**Work request**.
Set the pictures aside and return each record below precisely as written.
Start of Block
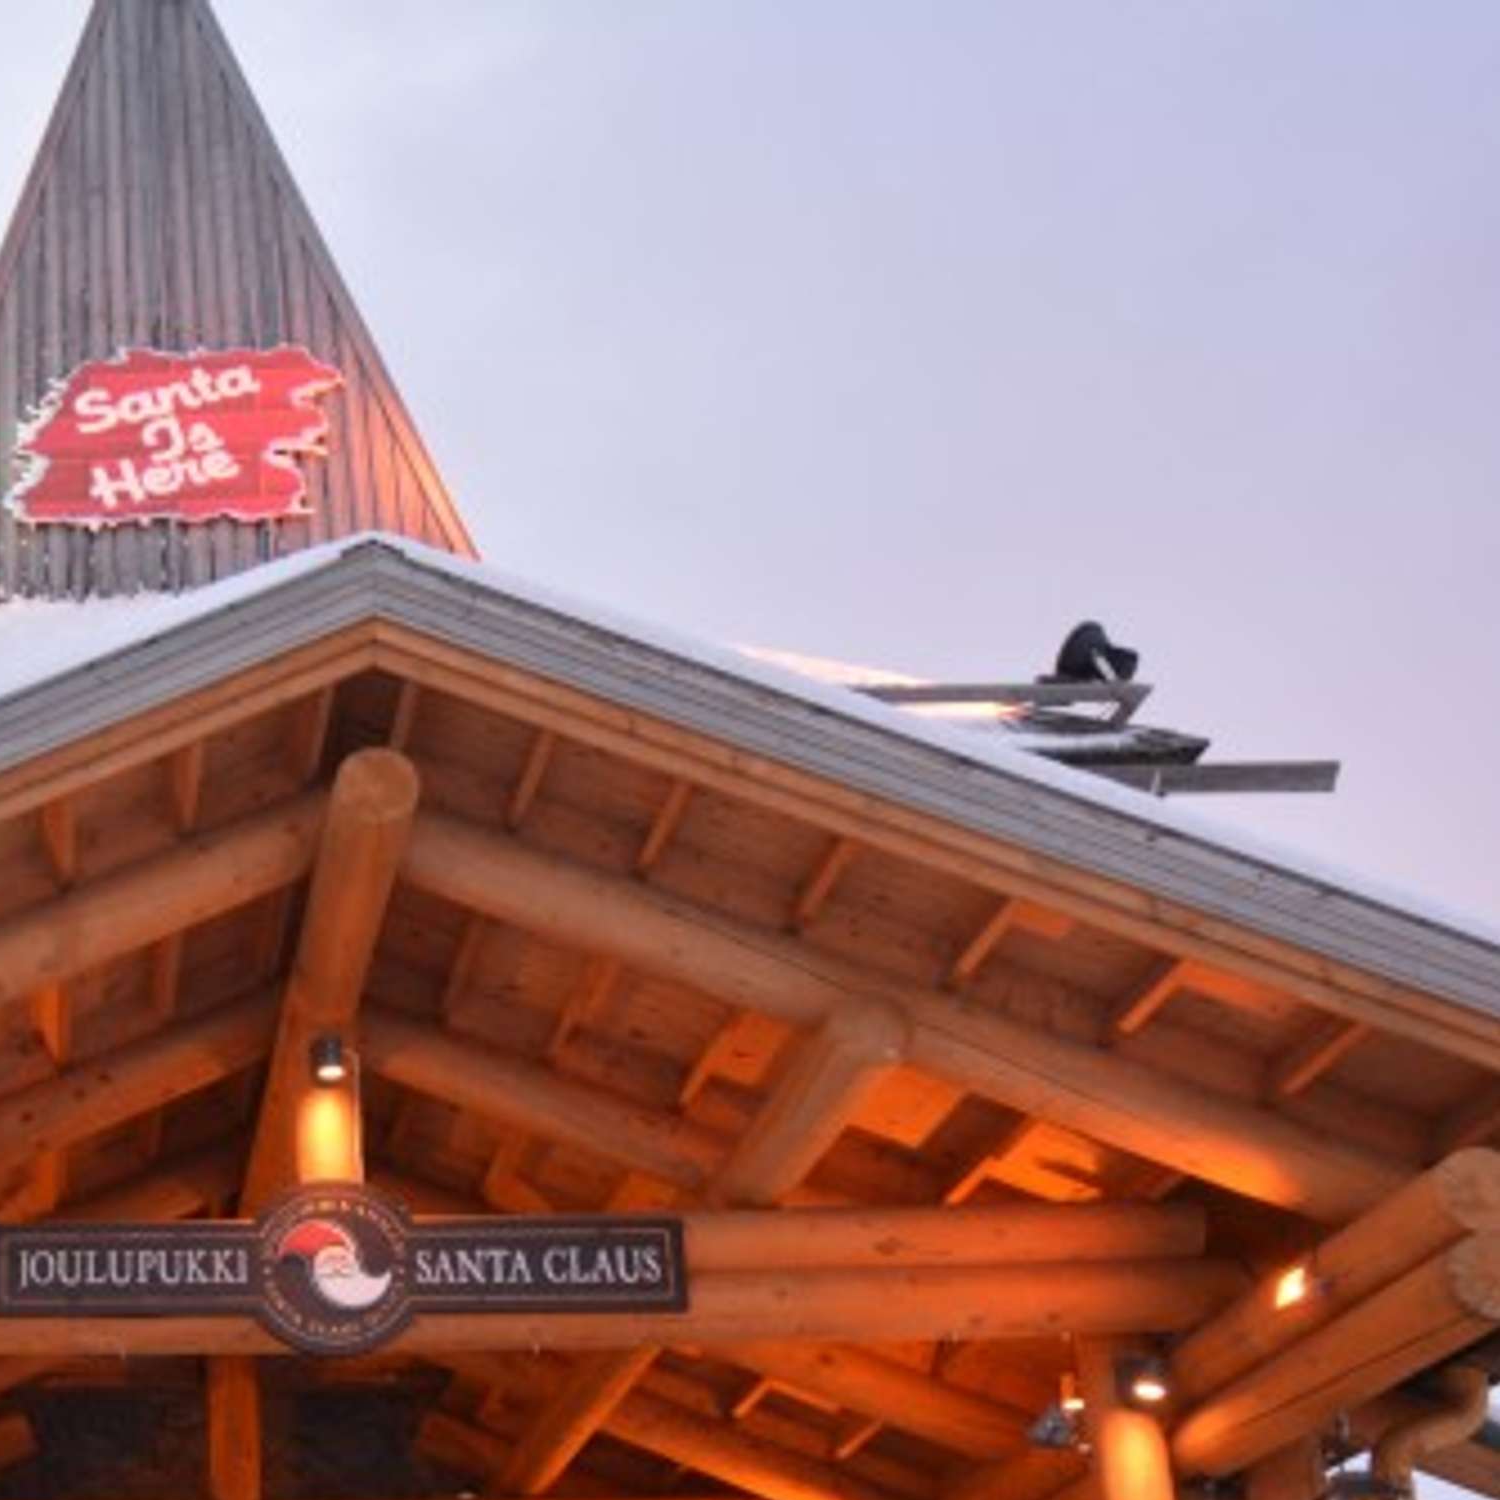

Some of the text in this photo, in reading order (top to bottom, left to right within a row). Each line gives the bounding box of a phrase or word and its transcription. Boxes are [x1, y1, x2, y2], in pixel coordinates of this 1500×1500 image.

[74, 364, 261, 434] Santa
[142, 414, 224, 461] Is
[90, 449, 239, 508] Here
[19, 1245, 663, 1289] JOULUPUKKI SANTA CLAUS
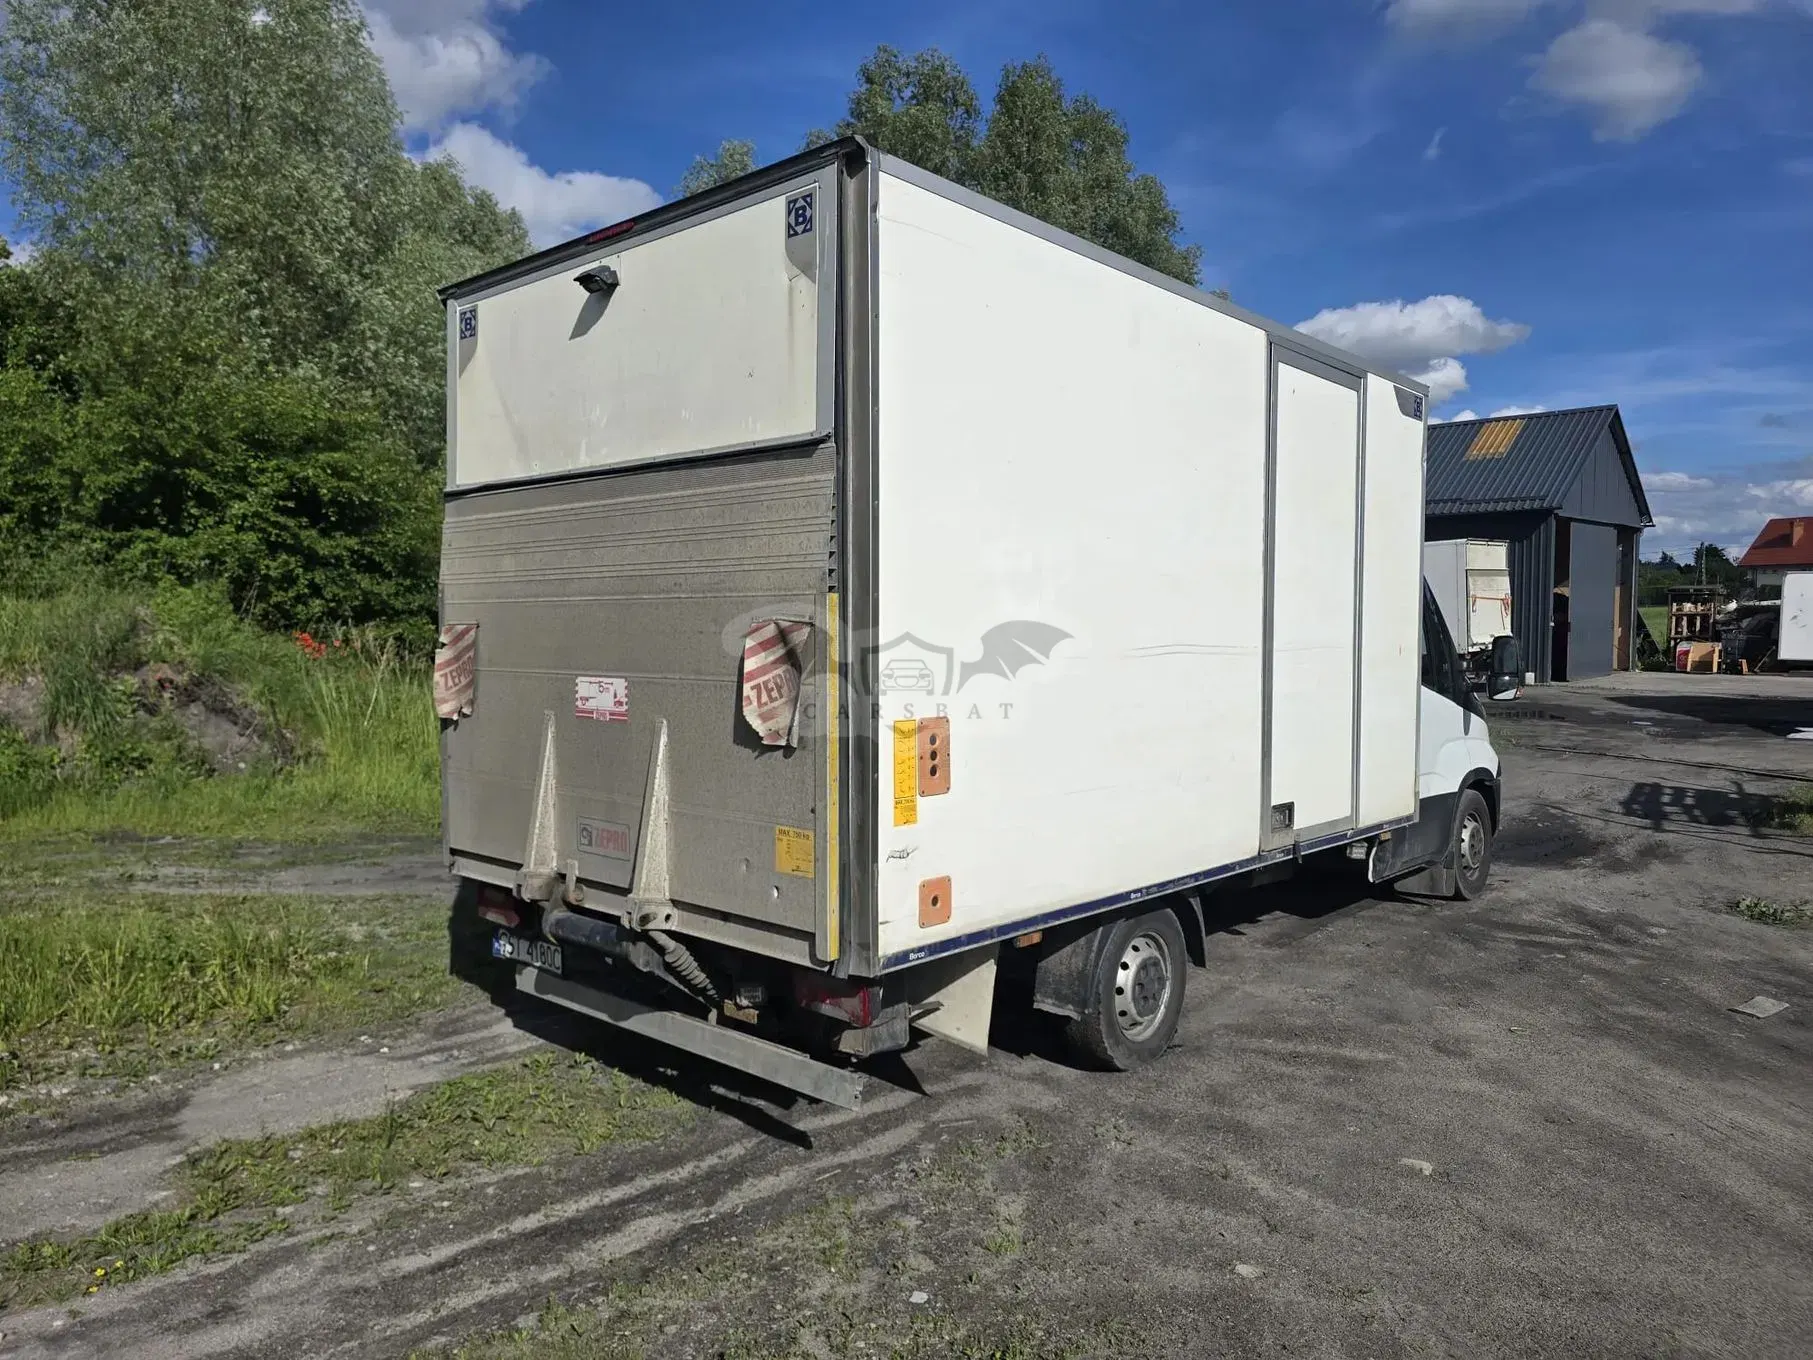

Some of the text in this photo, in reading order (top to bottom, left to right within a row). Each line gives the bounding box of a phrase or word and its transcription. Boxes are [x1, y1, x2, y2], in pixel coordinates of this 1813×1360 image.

[794, 204, 808, 227] B
[464, 317, 472, 331] B
[594, 827, 629, 852] ZEPRO
End of Block
**Answer section**.
Some of the text in this photo, in reading order (top to bottom, left to right within a row). Each line gives the bounding box of a phrase or word and its transcription. Boxes are [x1, y1, x2, y2], in pixel coordinates of this 1500×1500 image.

[74, 364, 261, 434] Santa
[142, 414, 224, 461] Is
[90, 449, 239, 508] Here
[19, 1245, 663, 1289] JOULUPUKKI SANTA CLAUS

Some of the text in this photo, in reading order (top to bottom, left to right within a row). Each line gives the bounding box of a phrase or word and its transcription. Boxes are [x1, y1, x2, y2], in pixel coordinates of this 1813×1360 image.

[794, 204, 808, 227] B
[464, 317, 472, 331] B
[594, 827, 629, 852] ZEPRO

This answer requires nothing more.